### GIVEN DATA
========
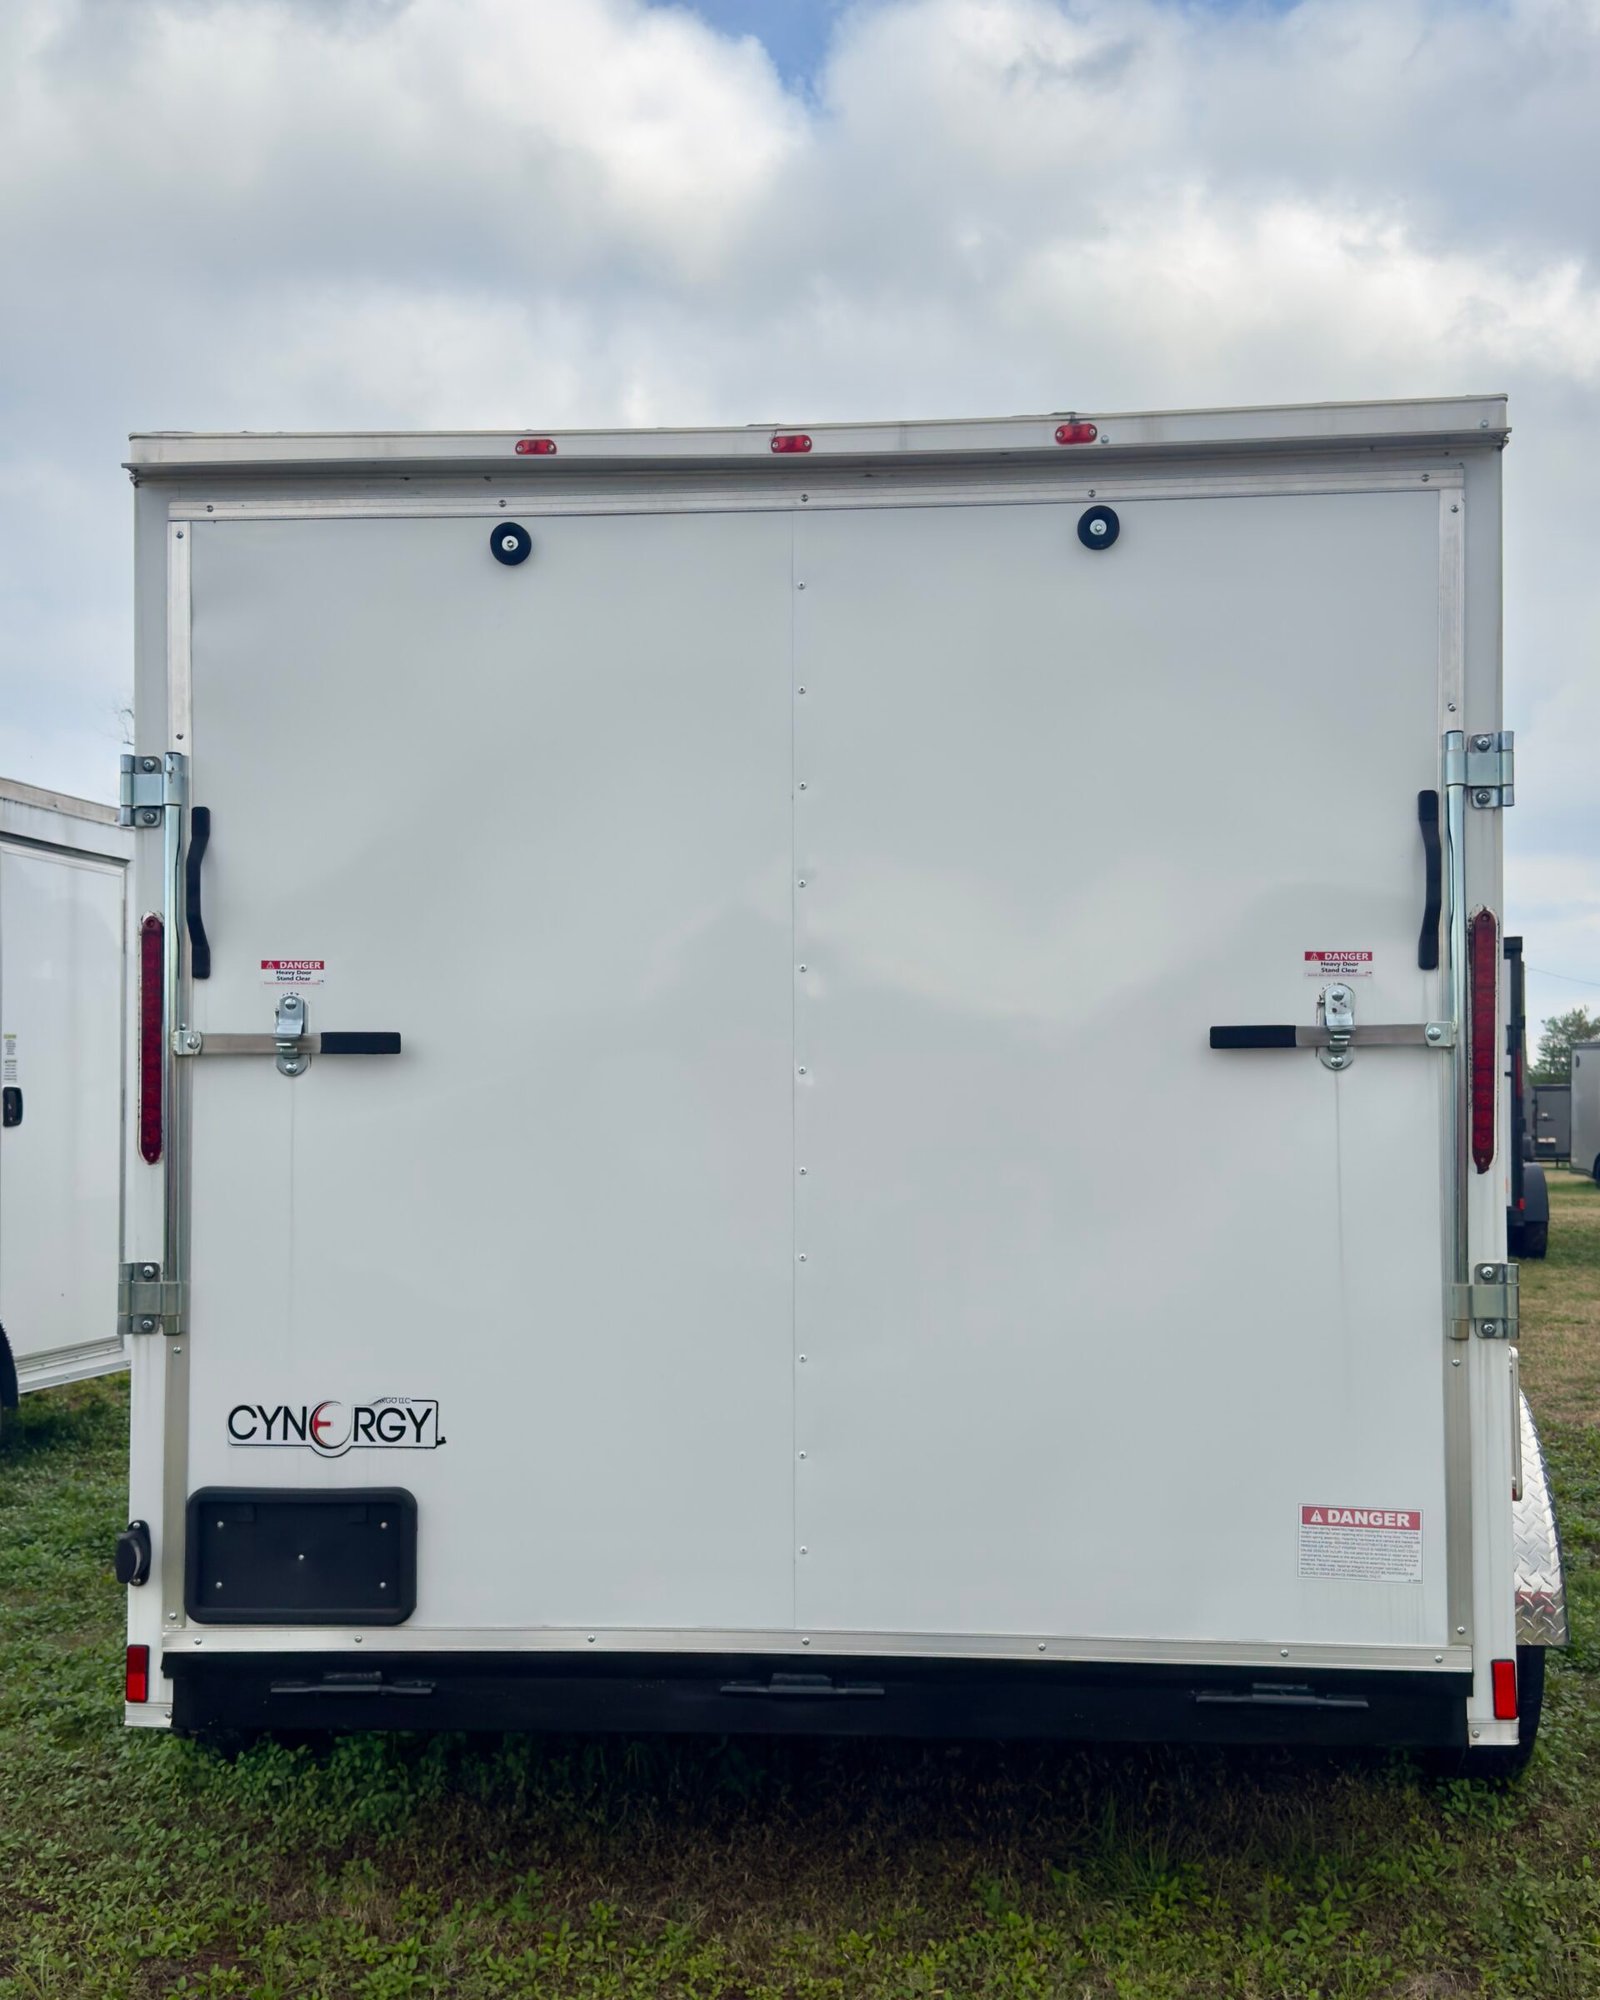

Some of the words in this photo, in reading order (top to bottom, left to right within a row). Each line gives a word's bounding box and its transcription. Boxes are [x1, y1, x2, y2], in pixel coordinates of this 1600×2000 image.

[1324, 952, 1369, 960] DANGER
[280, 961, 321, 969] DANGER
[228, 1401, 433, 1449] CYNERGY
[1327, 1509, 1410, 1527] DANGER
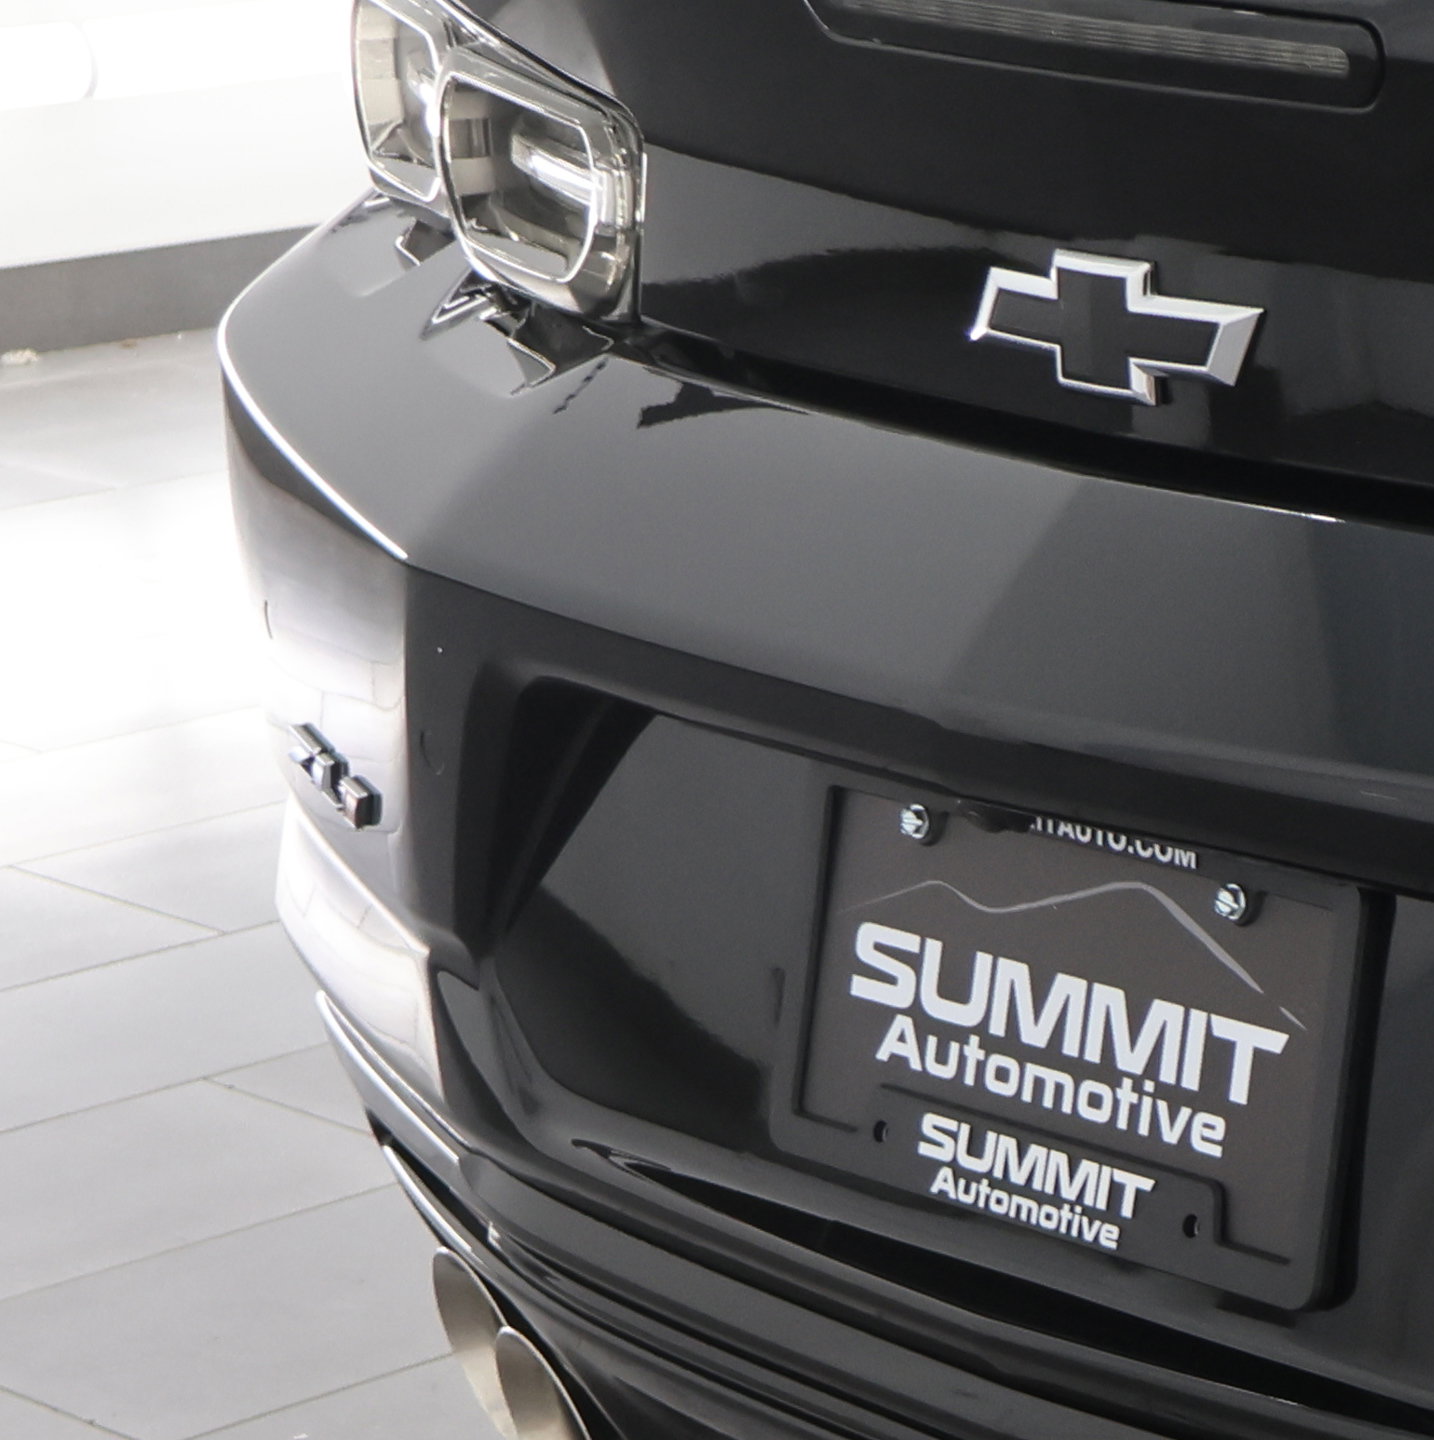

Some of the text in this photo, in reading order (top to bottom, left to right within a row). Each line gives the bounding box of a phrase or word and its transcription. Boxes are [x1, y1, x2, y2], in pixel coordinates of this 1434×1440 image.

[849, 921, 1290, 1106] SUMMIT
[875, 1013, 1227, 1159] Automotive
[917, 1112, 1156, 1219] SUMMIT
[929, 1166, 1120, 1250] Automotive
========
### TRY IT
Word for word, restate all of the entries above and leave each picture out.

### PROBLEM SOLUTION
Some of the words in this photo, in reading order (top to bottom, left to right within a row). Each line gives a word's bounding box and its transcription. Boxes are [x1, y1, x2, y2], in pixel coordinates of this 1600×2000 image.

[1324, 952, 1369, 960] DANGER
[280, 961, 321, 969] DANGER
[228, 1401, 433, 1449] CYNERGY
[1327, 1509, 1410, 1527] DANGER

Some of the text in this photo, in reading order (top to bottom, left to right within a row). Each line gives the bounding box of a phrase or word and its transcription. Boxes are [x1, y1, x2, y2], in pixel coordinates of this 1434×1440 image.

[849, 921, 1290, 1106] SUMMIT
[875, 1013, 1227, 1159] Automotive
[917, 1112, 1156, 1219] SUMMIT
[929, 1166, 1120, 1250] Automotive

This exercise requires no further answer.